A: I’ve already mentioned Joyce Carol Oates and John Updike. I also include Edith Wharton, Hemingway, ZZ Packer, Richard Yates, Raymond Carver, Elizabeth Strout, and Jamaica Kincaid as major influences. There are many more, but I’ll let this list stand for now. Currently I’m reading Lying, by Lauren Slater, technically a memoir but of a very different sort. This little book is an exercise in deviously pushing against boundaries and having fun doing it, even when the content becomes dark. I read mainly to enjoy quality writing that I can learn from. As far as my work is concerned, current trends often leave me feeling like a fish out of water. All I can do is write the stories that come to me. I had a story published in the summer 2020 issue of The Courtship of Winds that is contemporary and not particularly “Southern” even though it’s set in Birmingham. It’s titled “Celia’s the Driver” and features a young black woman as a main character. I didn’t write this story as an attempt to follow trends. Celia just appeared to me and began to take on life and fictional possibilities. I liked her and built this story around her. It’s a good story. You should check it out!

Q: You pursued an MFA in Creative Writing after you had already gotten going as a writer. What did you learn that surprised you most in terms of the right and wrong approach to the craft? Which lessons in the MFA program are too often overlooked by emerging writers? Did the program suggest any rules that your unique writing voice still chooses to ignore?
A: A good MFA program shouldn’t be about rules or right and wrong but rather what works and doesn’t and why. If there is a rule or dictum, it’s a broad one: Read like a writer and vice versa. In other words, don’t read authors who suck. The bad habits will rub off on you. If you want to write quality fiction, you must read the best writers, those who are currently at a level higher than your own. Many poor writers sell a lot of books. Reading them, though, is like playing tennis with players who are less skilled. It might be fun for a while to kick the shit out of them, but you’ll never grow that way. We should always be stretching up toward a higher level. When reading great writers, we should pay attention to the tricks they use to move through time, to transition from one scene to another, or to make characters come to life. I used the word “tricks” intentionally. Think of them as devices or tools that create and sustain the illusion. It’s all smoke and mirrors, and the tricks can be learned. An MFA program can also, through the rigor and the workshop experiences, be valuable in helping the aspiring author discover her own aesthetic and develop a unique voice. Rules? Made to be broken, once they are fully ingrained and understood alongside of the desired fictional outcome.

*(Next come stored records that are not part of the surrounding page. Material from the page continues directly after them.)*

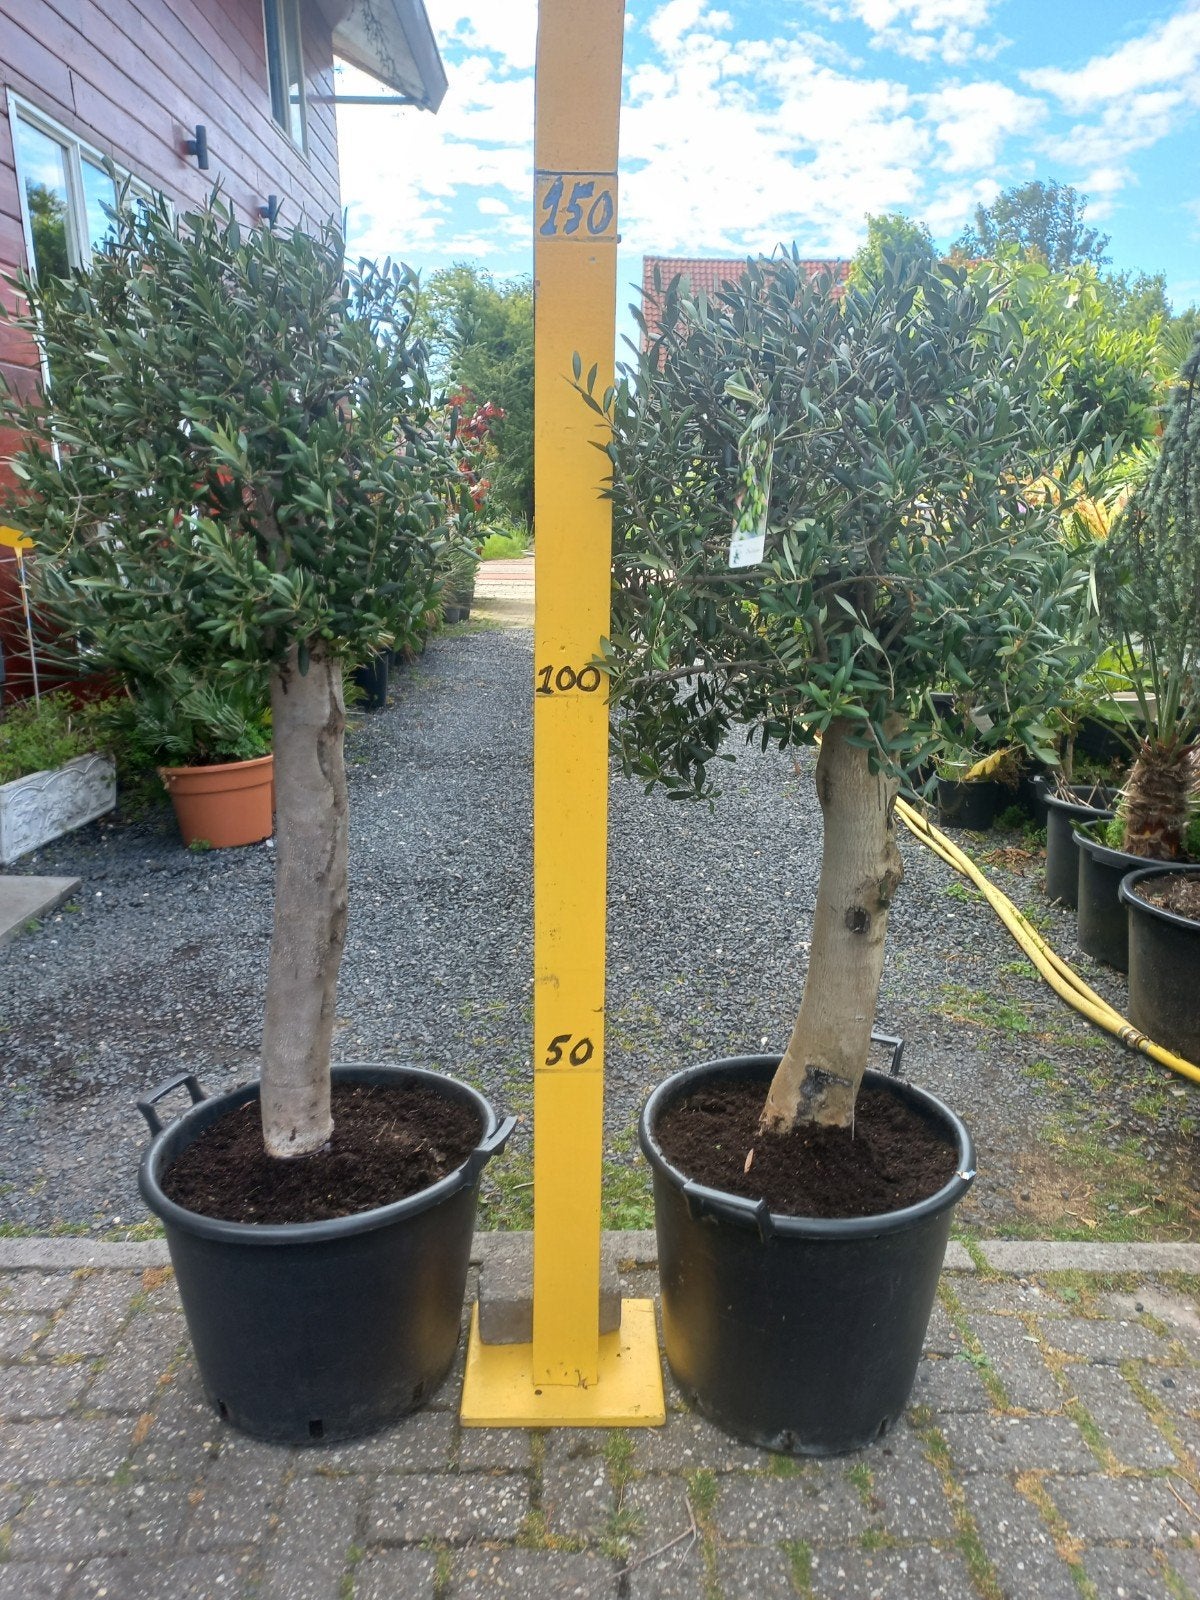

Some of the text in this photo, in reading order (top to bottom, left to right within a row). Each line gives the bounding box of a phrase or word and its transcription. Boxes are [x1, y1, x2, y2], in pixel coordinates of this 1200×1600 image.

[540, 176, 613, 235] 150
[536, 665, 600, 694] 100
[545, 1034, 594, 1067] 50
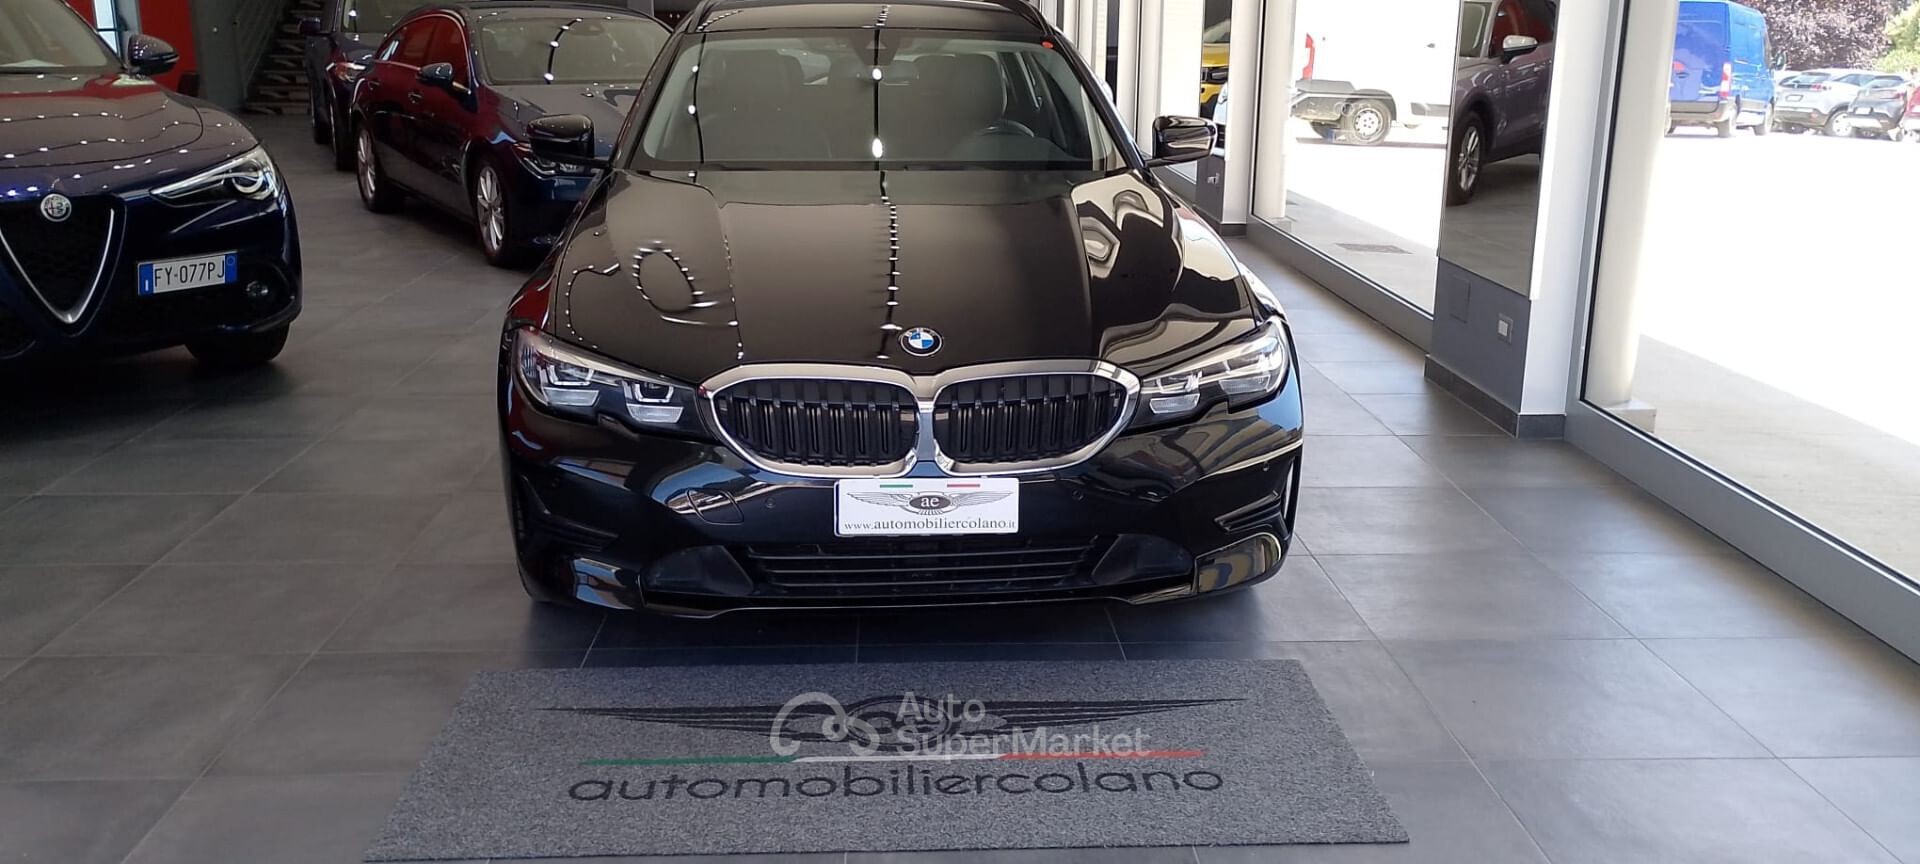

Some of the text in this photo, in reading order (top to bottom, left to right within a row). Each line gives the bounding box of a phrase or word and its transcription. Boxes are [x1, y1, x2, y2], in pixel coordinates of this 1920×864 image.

[920, 497, 941, 508] ae
[844, 517, 1016, 530] www.automobiliercolano.it
[568, 762, 1223, 801] automobiliercolano
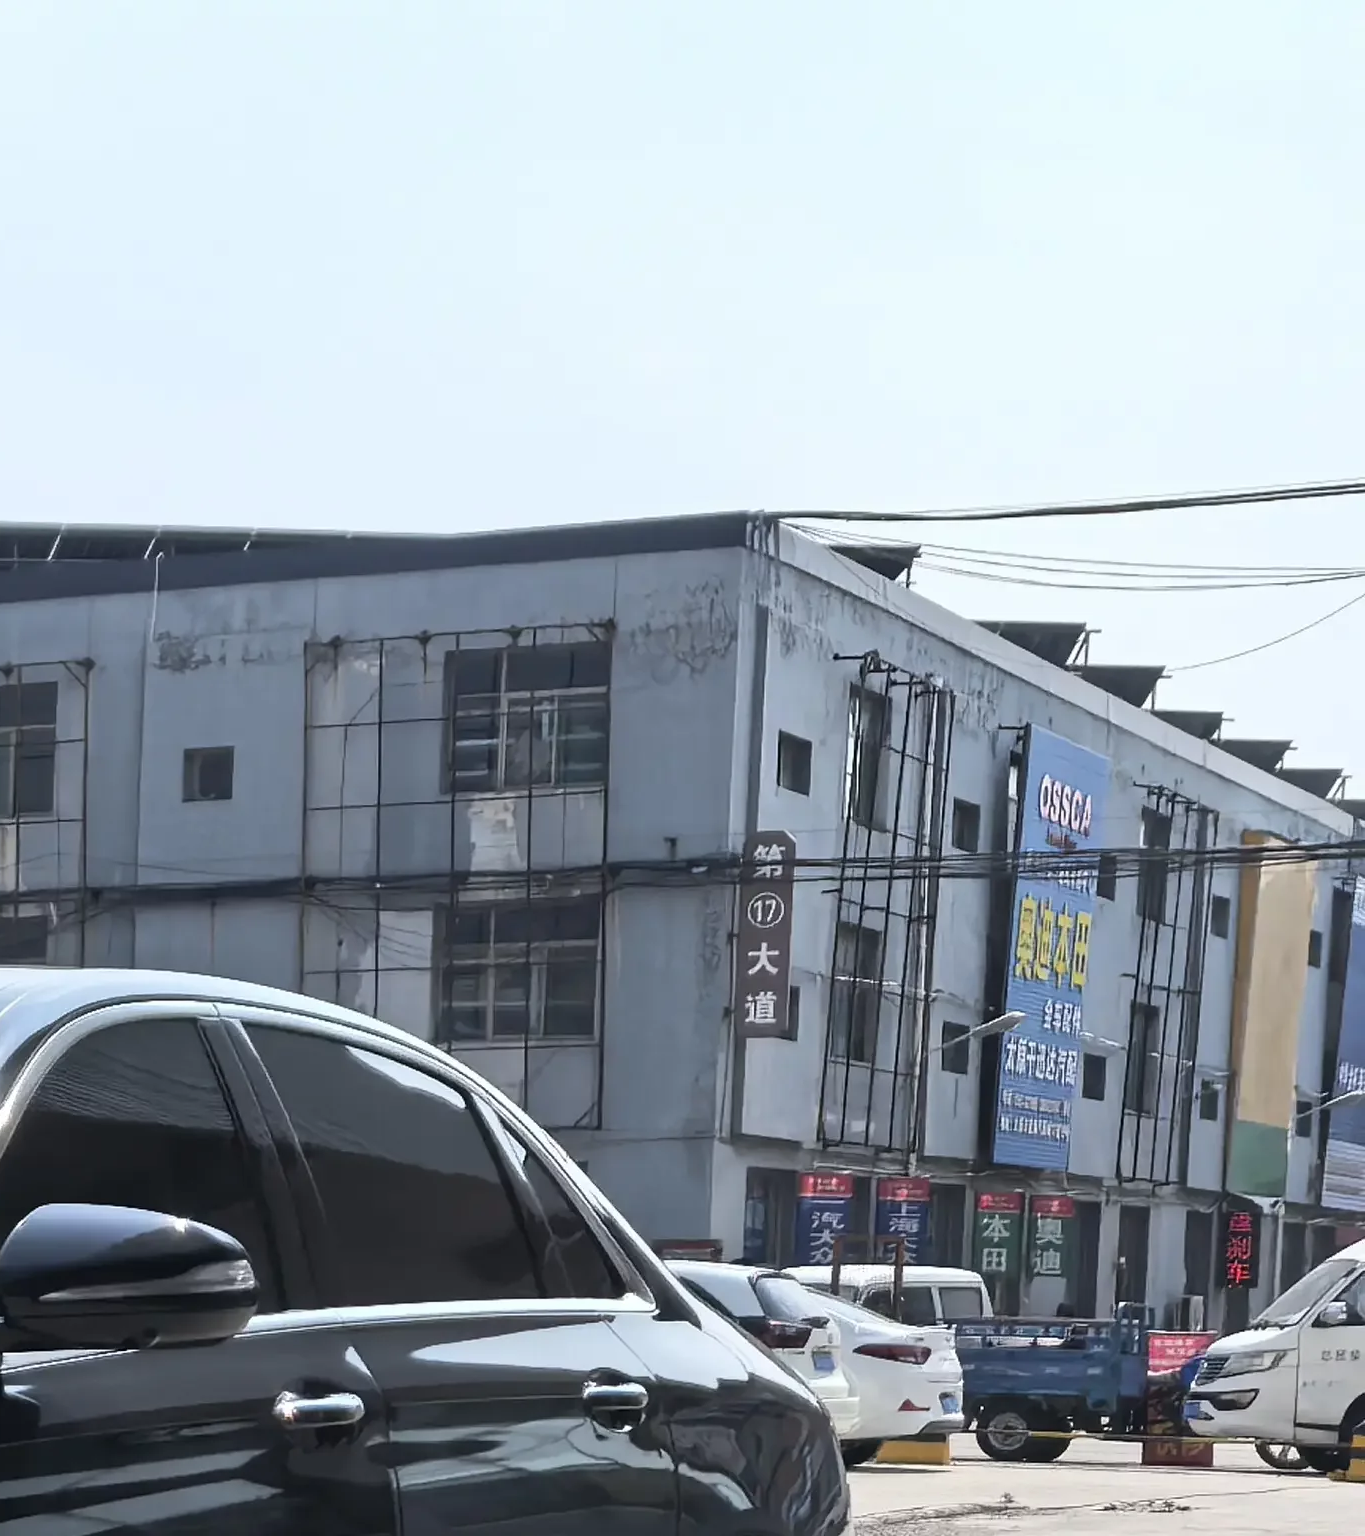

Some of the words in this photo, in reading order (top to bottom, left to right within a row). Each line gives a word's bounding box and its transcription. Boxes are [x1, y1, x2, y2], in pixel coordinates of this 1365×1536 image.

[1039, 774, 1093, 836] OSSCA
[981, 1213, 1011, 1273] 本田
[1033, 1211, 1065, 1275] 奥迪

Q: In addition to Ben Stempton’s Boy, you’ve had a novella and several short stories published. Tell us about those.

A: Make It Right: A Novella and Eight Stories is exactly what the title says, a fiction collection. The stories, including the titular novella, generally share this theme: Bad choices bring bad outcomes that are sometimes difficult or impossible to rectify. Most of them have a Southern flavor but several could be set elsewhere. They are dark and twisted with Gothic touches, but they are not without hope. The characters are mostly redeemable. I think the reader will also experience a few chuckles through the dark humor. There’s a full description on Amazon, a couple of blurbs, and a bunch of reviews.

Q: What are you currently working on? What themes might continue to influence your future work?

A: I’ve had stories published that aren’t in Make It Right, and I’ve written stories that haven’t found a home yet. I’ve recently been working on a new collection that includes some of these. The working title is Ourselves Again, and the overarching theme centers around missed opportunities and the alienation that results from the passage of time as we stumble through life. Fun stuff! I’m also contemplating a screenplay adapted from the Make It Right novella, and I’ve begun research for a story about the human trafficking and illicit sex trade that stems from our unwillingness to secure the southern border. That’s about it for now. As most writers I have more ideas than time to devote to them!